Sunday, 13 July 2014

circles

I never had it clear: Should I send you text, should I call you on the phone... I am starting to harass you? My psych answered, 'yes, he does not know you, you have been on line, wtf.' I tried to ease my heart reminding myself that my psych was also a nut. But he was kind of right, or was he?

He also agreed when K said I knew nothing about love, that I should be very careful before ever using that word--this was my turn to say 'WTF'. I mean, what did they know? I mean, it is true Babe, I have never seen you in person, and though I could stare at your Facebook pics forever, I try not to do it to much: the more I look at you, the more I fear I am not half as attractive as you.

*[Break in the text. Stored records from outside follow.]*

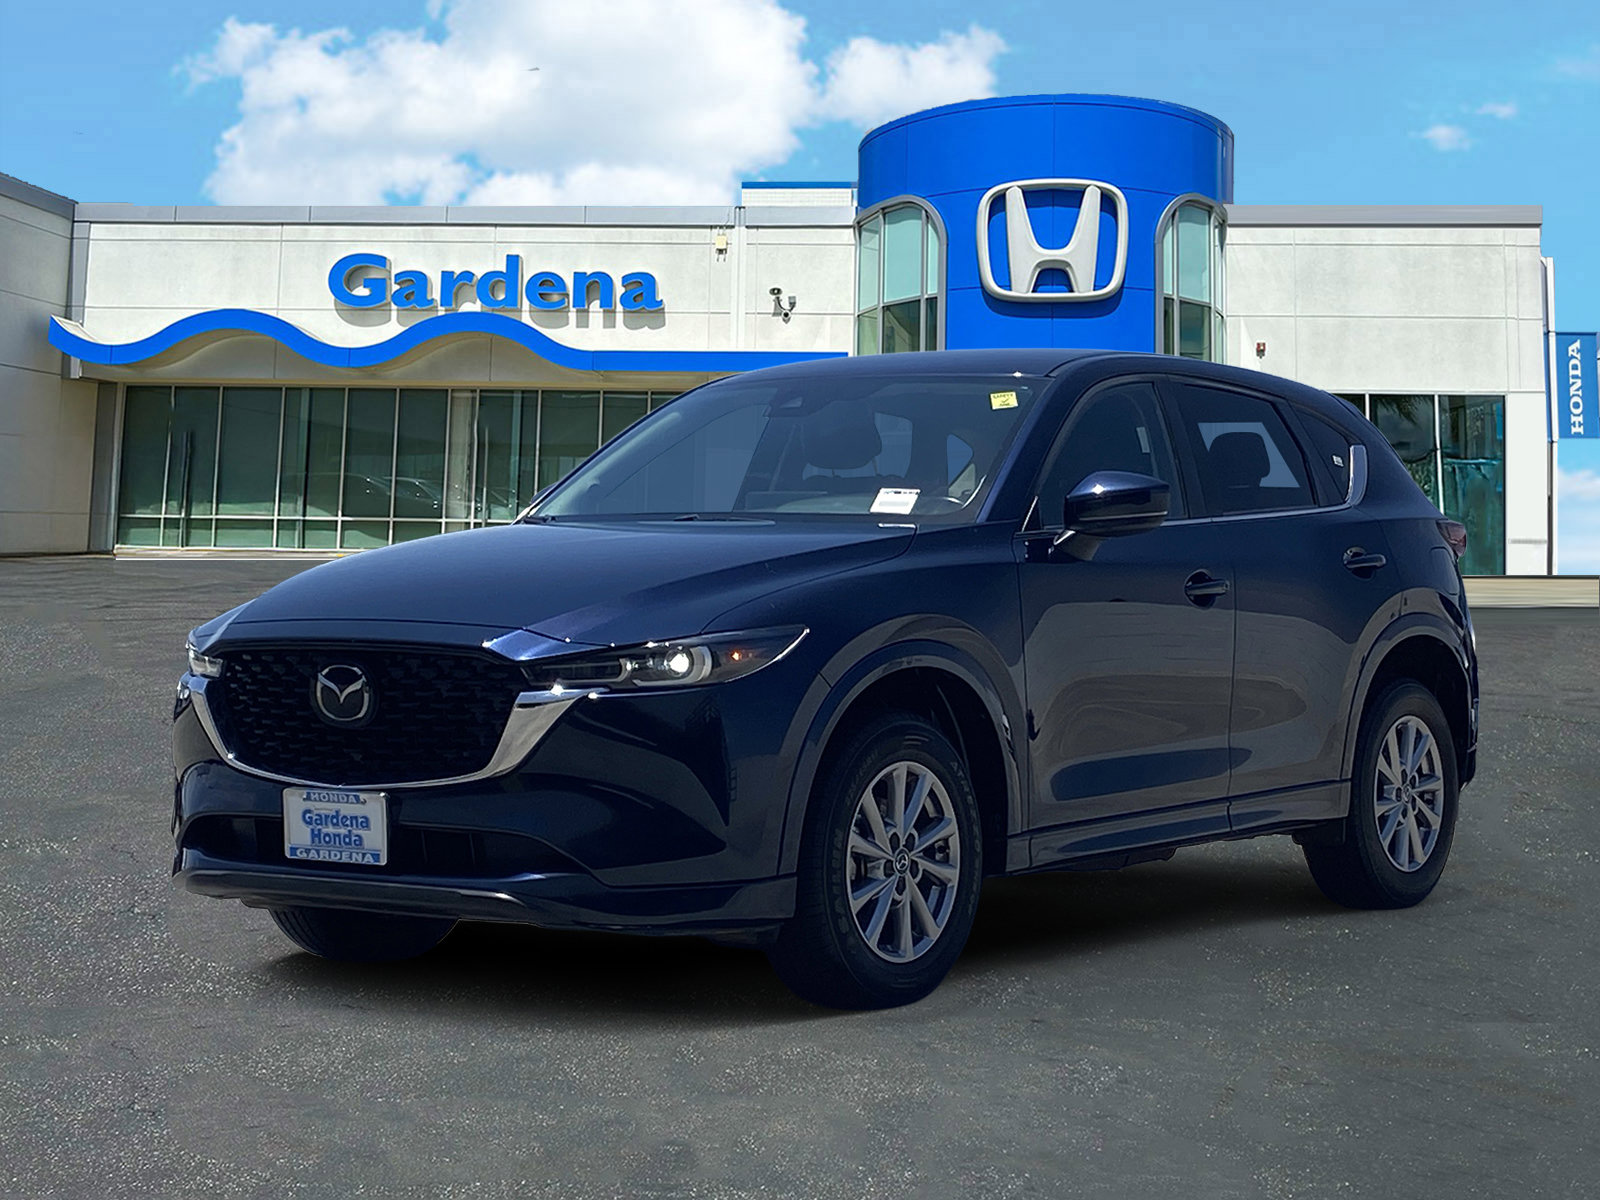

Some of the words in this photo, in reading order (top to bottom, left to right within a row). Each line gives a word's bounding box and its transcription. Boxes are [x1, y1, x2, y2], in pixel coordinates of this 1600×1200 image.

[328, 252, 664, 311] Gardena
[1568, 338, 1584, 435] HONDA
[310, 791, 357, 804] HONDA
[302, 808, 370, 829] Gardena
[310, 828, 364, 847] Honda
[296, 848, 375, 863] GARDENA

But you are a sweet Babe, you often insist, 'you have so much going for you.' You have also call me Babe, which made me go bunkers. Yes, I could not help but feel you tender spectre sweetly grazing my skin. By definition, you are a Babe, if you look it up: 'term of address for a young attractive [wo]man.' I might be a Babe in the less connotative sense (though 19 years and 100 pounds older than you): 'very young child who has not begun to walk or talk.' I always wondered why those verbs were basically the same were it not for the w/t difference.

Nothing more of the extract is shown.